The chancellor, after a consideration of the evidence, reached the conclusion that the purchase-money had been paid; and, after a careful examination, we are unwilling to disturb his decree. In the States where the evidence in chancery causes is viva voce, the finding of the chancellor on the facts is regarded as in the nature of a verdict at law, and appellate tribunals do not interfere with it, unless manifestly contrary to the weight of evidence —Butler v. Ardis, 2 McCord’s Chan. 60; McDowell v. Caldwell, Ib. 59 ; McCaul v. Blunt, Ib. 90. The same rule obtains in this State, when at law the judge is required to hear and determine the facts without the introduction of a jury. — 1 Brick. Dig. 775, §§ 1, 4, 26 ; Ex parte McNally, at the present term. A different rule obtains when we are required to pass on the decree of a chancellor on a question of fact. The evidence before him, on which he pronounces judgment, is reduced to writing in the form of affidavits, or of depositions taken on interrogatories.
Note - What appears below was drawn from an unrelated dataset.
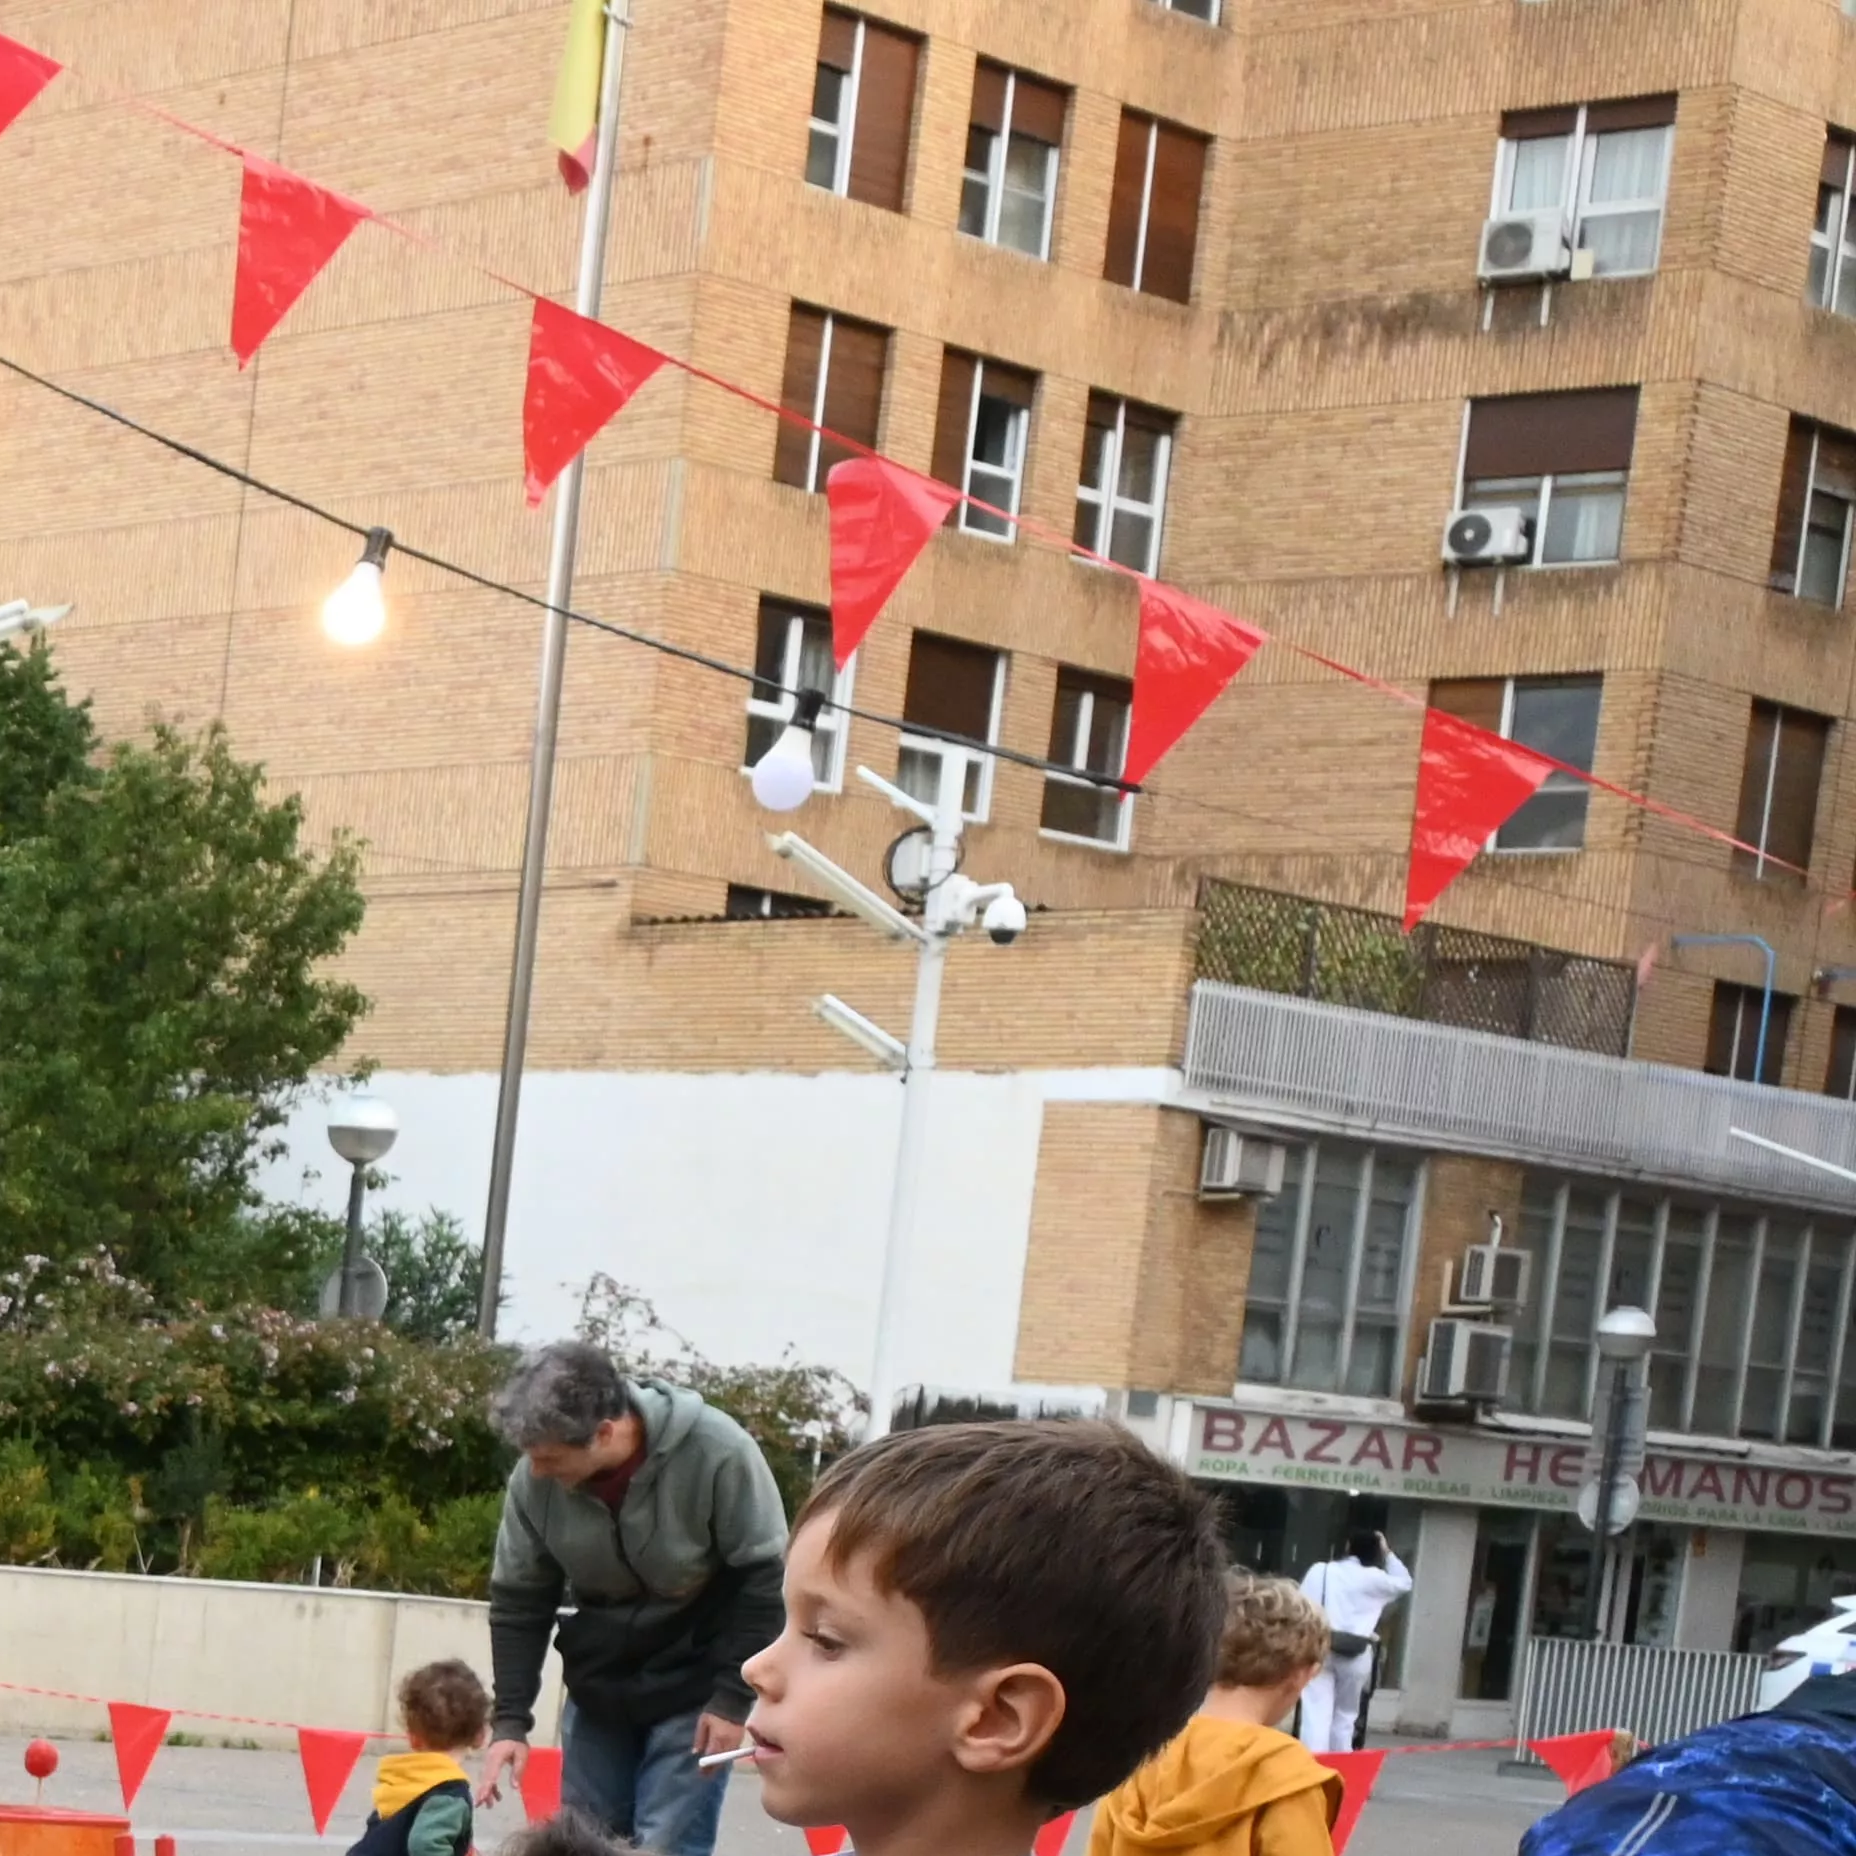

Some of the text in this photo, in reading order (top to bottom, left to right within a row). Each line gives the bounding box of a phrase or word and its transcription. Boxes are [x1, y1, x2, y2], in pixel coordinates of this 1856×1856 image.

[1199, 1458, 1249, 1477] ROPA
[1202, 1410, 1855, 1513] BAZAR HEMANOS
Witnesses are not examined before him viva voce; and their manner, or deportment, can exert no influence on the weight he may ascribe to the evidence. The reason of the rule prevailing elsewhere, attaching to a decree on the evidence the effect and dignity of a verdict at law, does not exist here, though, in some of our decisions, it is broadly announced. The decree is entitled to some consideration; and we think full effect is allowed, if it is regarded like a decree on a question of law, as prima facie correct, casting the onus of repelling the presumption on the party complaining. In Marlowe v. Benagh, 52 Ala. 113, we said: “ It has become the settled practice of this court, not to disturb the decision of a chancellor on a question of fact, unless there is a decided preponderance of evidence against the conclusion he attains.” The rule, at last, is merely the general rule, that error must be affirmatively shown. It is not enough that we cannot see that the judgment is right; we must see clearly that it is wrong, or it must stand.
Admitting the onus was on the purchaser, Young, to establish the fact of payment of the purchase-money, the fact was proved, prima fade, by the evidence of the appellant’s account and settlement of his administration in the Probate Court, in which he charges himself with having received it. This was an admission of the fact; and while it was competent for the appellant to show that it was erroneous, made inadvertently, or through mistake, we do not find the evidence which justifies the conclusion that he was in error. It is more probable that the fact has, by lapse of time, been blotted from his memory, and that he was mistaken subsequently in 1866, when for the first time he makes claim that the money was unpaid. The long delay in claiming a debt of this character, of which he had no written evidence, according to his statement, is so much without the ordinary course pursued by men of common prudence in the transaction of business, that it strengthens the conclusion the admission is true. There is other evidence in the record, leading to the same concluson, and but little militating against it — nothing, indeed, except that Young was mistaken in declaring he had paid the purchase-money to one or the other of two persons he mentioned. The conclusion is fortified by uncontradicted evidence, that a note payable to the appellant, purporting to be in consideration of the purchase-money, made by Young, was, in 1860, paid by a third person, for Young. True, it is not shown to whom the payment was made; but that is a fact that may well have escaped the memory of the witness, without casting suspicion on the evidence of the fact of payment, of which he has contemporaneous memoranda and entries in writing. The evidence of the appellant is direct, that payment had not been made to him. The purchaser, Young, being dead, and the suit against his personal representative and heirs, the appellant was not a competent witness to testify to the fact of non-payment; and objection to his evidence on this point having been made, it must be excluded in determining the fact of payment. On the whole, we repeat, after a careful examination of the evidence, we are unwilling to interfere with the decree of the chancellor.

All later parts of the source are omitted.